Armbrust's comments preceded nearly 30 leading-edge technical presentations
from industry suppliers, FEP, and International SEMATECH Manufacturing Initiative
(ISMI). They included:
- An invited paper on FEP's success in using second harmonic generation
(SHG) to evaluate the effects of different surface cleans and passivation
treatments on indium gallium arsenide (InGaAs) was delivered by Dr. Jimmy
Price, Member Technical Staff. Price said the ability to accurately characterize
III-V surfaces and interfaces using SHGhighlights the potential of this technique
as an in-line metrology system suitable for InGaAs-based chip manufacturing.
"We now have a non-invasive method that process and device engineers
can rely on to monitor the quality of III-V surfaces and interfaces,"
he noted.
- A benchmarking study by Michael Frisch, EHS Project Manager for International
SEMATECH Manufacturing Initiative (ISMI), on opportunities for recycling and
reclaiming fab and assembly test wastewaters.

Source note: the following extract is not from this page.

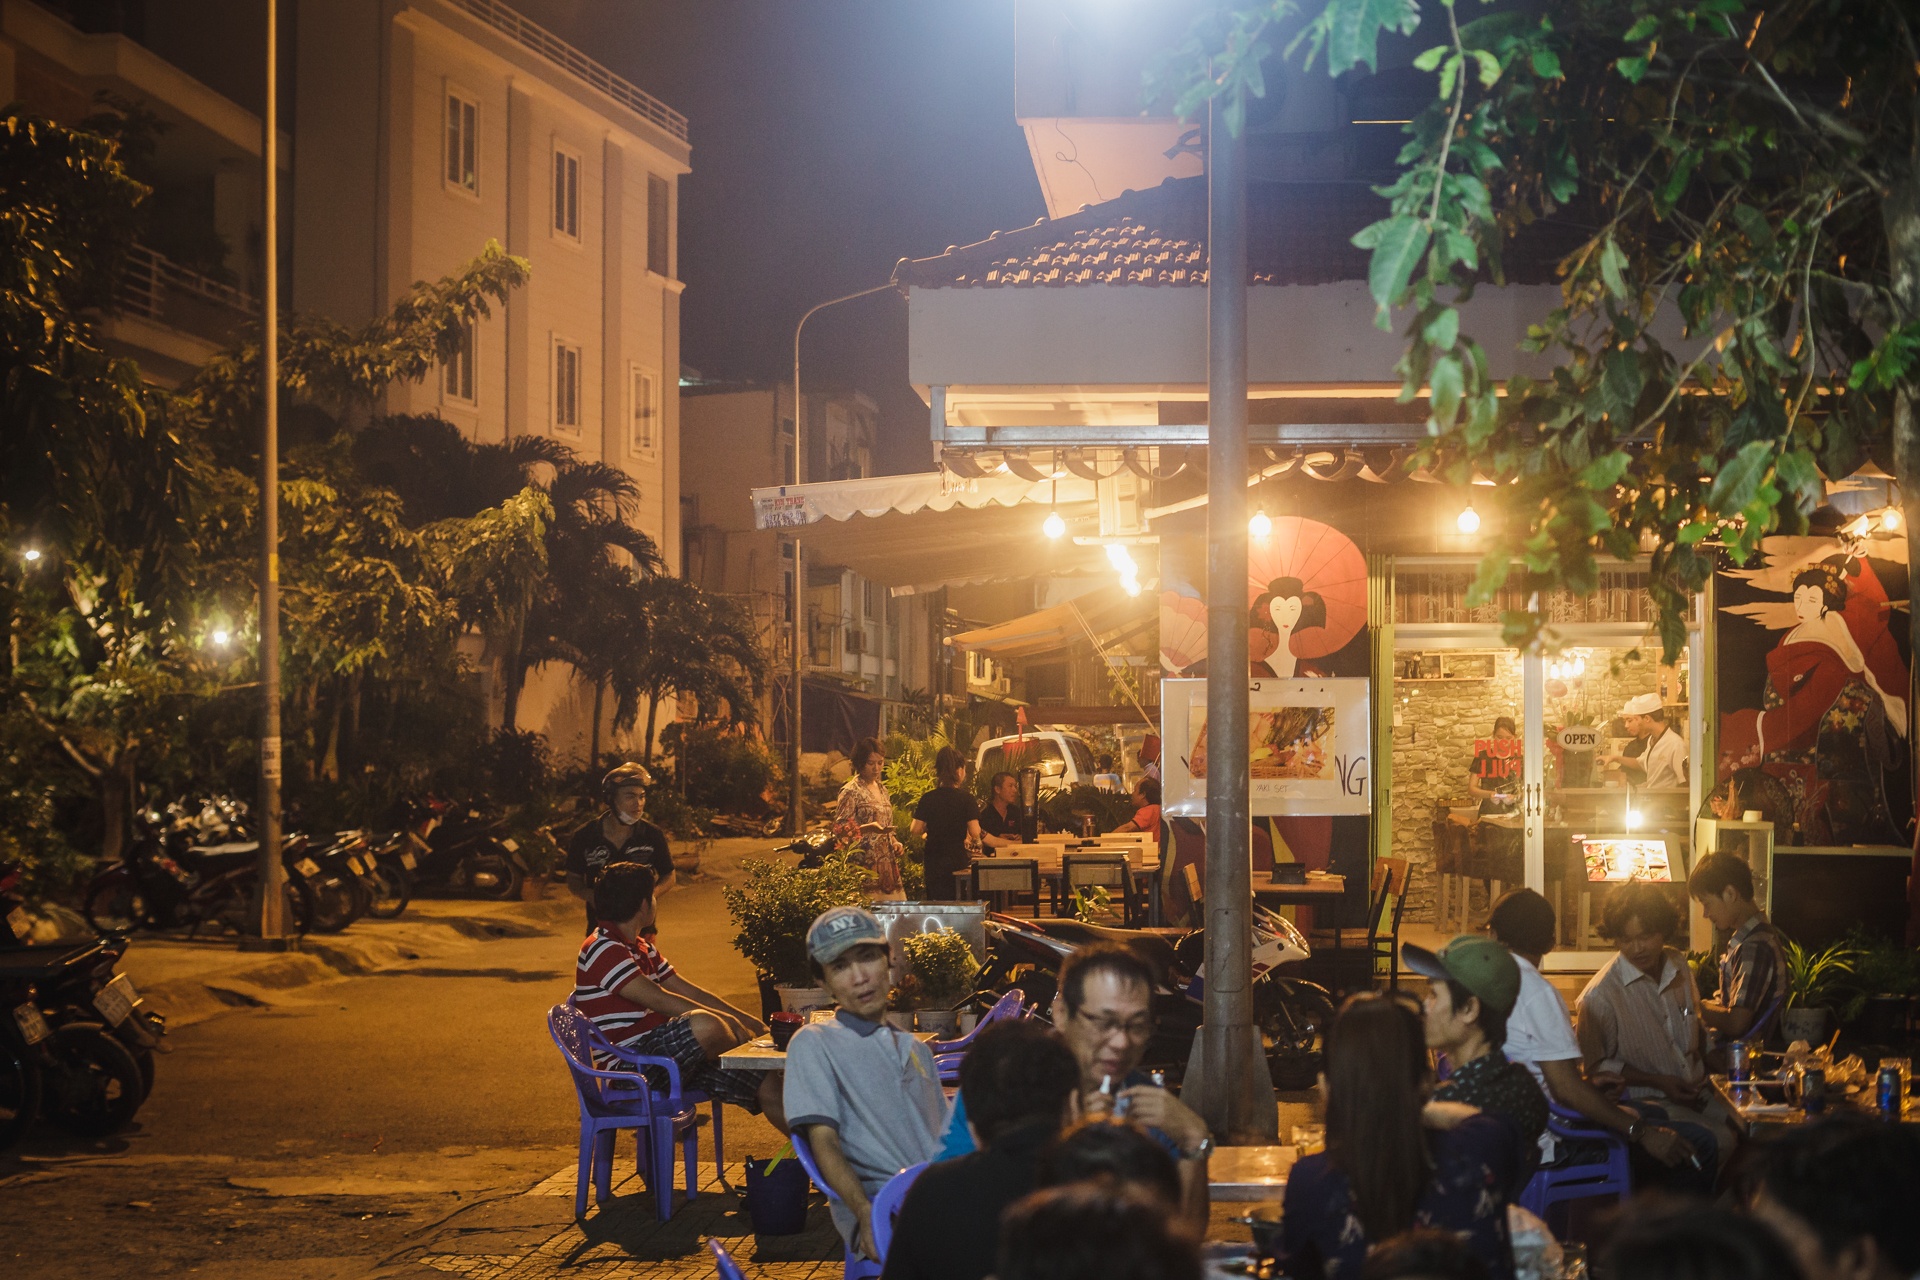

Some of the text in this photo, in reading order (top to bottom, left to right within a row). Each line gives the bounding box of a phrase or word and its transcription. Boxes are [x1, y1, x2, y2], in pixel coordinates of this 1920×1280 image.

[1564, 733, 1596, 745] OPEN
[1474, 739, 1522, 758] PUSH
[831, 916, 857, 932] NY

Frisch's study showed
recycling and reclamation opportunities for saving 5.1 billion gallons per
year (gpy) at member company fab sites, and 217 million gpy at the assembly
test sites. To realize this potential, the study recommended focusing on recycling
process rinse waters and reclaiming bulk wastewaters at member fabs.

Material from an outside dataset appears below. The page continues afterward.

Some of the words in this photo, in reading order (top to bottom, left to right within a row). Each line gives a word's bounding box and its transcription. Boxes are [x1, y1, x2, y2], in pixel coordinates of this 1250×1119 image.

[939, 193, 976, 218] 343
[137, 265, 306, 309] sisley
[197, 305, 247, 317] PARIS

- An analysis by FEP project manager Dr. Casey Smith of surface preparation
and cleans challenges for emerging technologies. Graphene appears to be a
promising channel material for non-silicon RF applications, although contaminants
must be controlled without oxidizing chemistries to avoid damage to the material,
Smith noted. For non-planar technologies such as multi-gate field-effect transistors
(MuGFETs), careful modification of the cleans sequence is needed to form residue-free
3D gates, especially for tight pitch layouts.

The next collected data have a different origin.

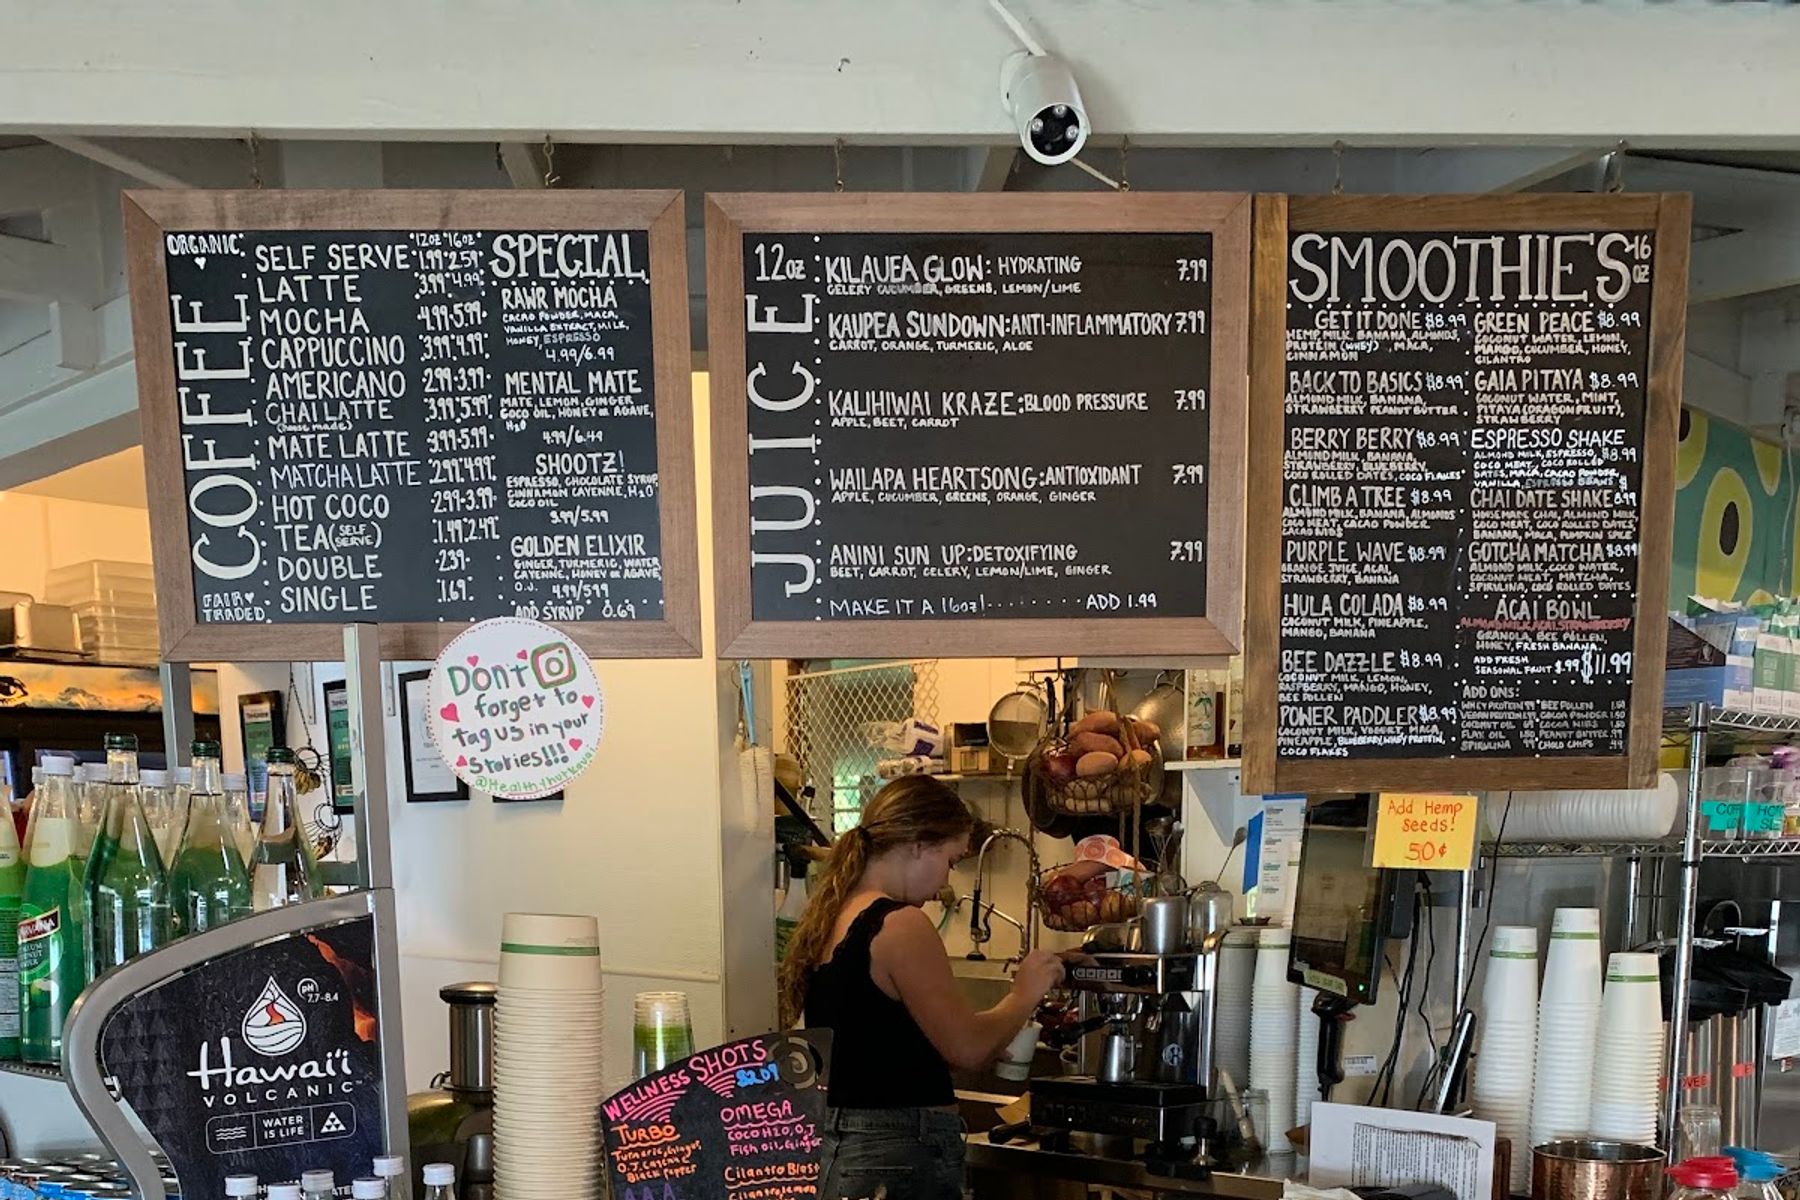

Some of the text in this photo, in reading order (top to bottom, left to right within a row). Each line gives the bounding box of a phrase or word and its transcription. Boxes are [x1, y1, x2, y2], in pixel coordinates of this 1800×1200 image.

[166, 233, 241, 255] ORGANIC
[489, 233, 647, 280] SPECIAL
[1633, 234, 1651, 261] 16
[255, 244, 411, 272] SELF SERVE
[825, 253, 919, 284] KILAUEA
[998, 255, 1083, 276] HYDRATING
[1175, 258, 1208, 283] 7.99
[1288, 232, 1632, 304] SMOOTHIES
[257, 274, 363, 303] LATTE
[501, 285, 618, 310] RAWR MOCHA
[827, 279, 1082, 298] CELERY LEMON/LIME
[259, 307, 370, 336] MOCHA
[453, 301, 482, 328] 5.99
[828, 311, 901, 340] KAUPEA
[1174, 309, 1206, 335] 7.99
[1315, 309, 1467, 331] GET IT DONE $8.99
[1474, 309, 1641, 334] GREEN PEACE $8.99
[260, 335, 405, 369] CAPPUCCINO
[545, 344, 615, 367] 4.99/6.99
[1002, 340, 1034, 352] ALOE
[265, 370, 407, 400] AMERICANO
[505, 369, 642, 396] MENTAL MATE
[1289, 370, 1423, 394] BACK TO BASICS
[1474, 367, 1584, 393] GAIA PITAYA
[265, 400, 394, 425] CHAI LATTE
[828, 388, 931, 418] KALIHIWAI
[1076, 392, 1150, 412] PRESSURE
[1173, 389, 1206, 411] 7.99
[911, 417, 960, 429] CARROT
[170, 294, 261, 580] COFFEE
[268, 430, 412, 460] MATE LATTE
[745, 294, 817, 598] JUICE
[1291, 426, 1416, 451] BERRY BERRY
[1470, 427, 1626, 450] ESPRESSO SHAKE
[270, 461, 422, 489] MATCHA LATTE
[535, 450, 625, 476] SHOOTZ!
[564, 474, 624, 486] CHOCOLATE
[829, 467, 907, 492] WAILAPA
[271, 493, 391, 522] HOT COCO
[1048, 490, 1097, 503] GINGER
[1288, 483, 1407, 508] CLIMB A TREE
[1470, 488, 1614, 509] CHAI DATE SHAKE
[510, 532, 646, 557] GOLDEN ELIXIR
[829, 544, 884, 566] ANINI
[894, 545, 930, 566] SUN
[1286, 540, 1406, 564] PURPLE WAVE
[1468, 541, 1606, 562] GOTCHA MATCHA
[277, 554, 382, 582] DOUBLE
[202, 591, 265, 623] FAIR TRADED
[280, 585, 378, 613] SINGLE
[514, 603, 585, 620] ADD SYRUP
[829, 598, 890, 617] MAKE
[895, 598, 914, 615] IT
[921, 598, 935, 616] A
[1086, 594, 1121, 611] ADD
[1127, 593, 1158, 609] 1.99
[1283, 592, 1404, 617] HULA COLADA
[1495, 598, 1602, 621] ACAI BOWL
[1282, 650, 1397, 674] BEE DAZZLE
[1581, 651, 1632, 684] $11.99
[474, 687, 578, 723] forget to
[1279, 705, 1419, 727] POWER PADDLER
[451, 711, 589, 753] tag us in your
[1387, 798, 1464, 818] Add Hemp
[301, 984, 315, 994] pH
[602, 1039, 769, 1122] WELLNESS SHOTS
[202, 1080, 355, 1109] VOLCANIC
[262, 1115, 304, 1129] WATER
[720, 1100, 793, 1123] OMEGA
[264, 1126, 305, 1140] IS LIFE
[610, 1123, 676, 1144] TURBO
[724, 1165, 786, 1182] Cilantro

- Dr. Richard Hill, FEP device engineer, outlined the opportunities and challenges
if III-V MOSFETs. Hill said, "It's becoming more challenging to
continue to scale silicon without sacrifices in mobility and speed. You can
still scale with silicon, but it comes at a cost." By contrast, III-V
channels offer significant performance benefits, such as higher mobility and
enhanced drive current, which will allow continued scaling and performance
improvement. Hill qualified his optimism, however, by discussing the integration
challenges which remain, the biggest being dielectric interface quality.
For more than 10 years, SPCC has brought together leading researchers from
industry and academia to focus on challenges in advanced wafer and mask cleaning
and surface preparation. SPCC is part of the SEMATECH Knowledge Series—a
set of unique opportunities that focus on accelerating solutions for critical
challenges in the nanoelectronics industry.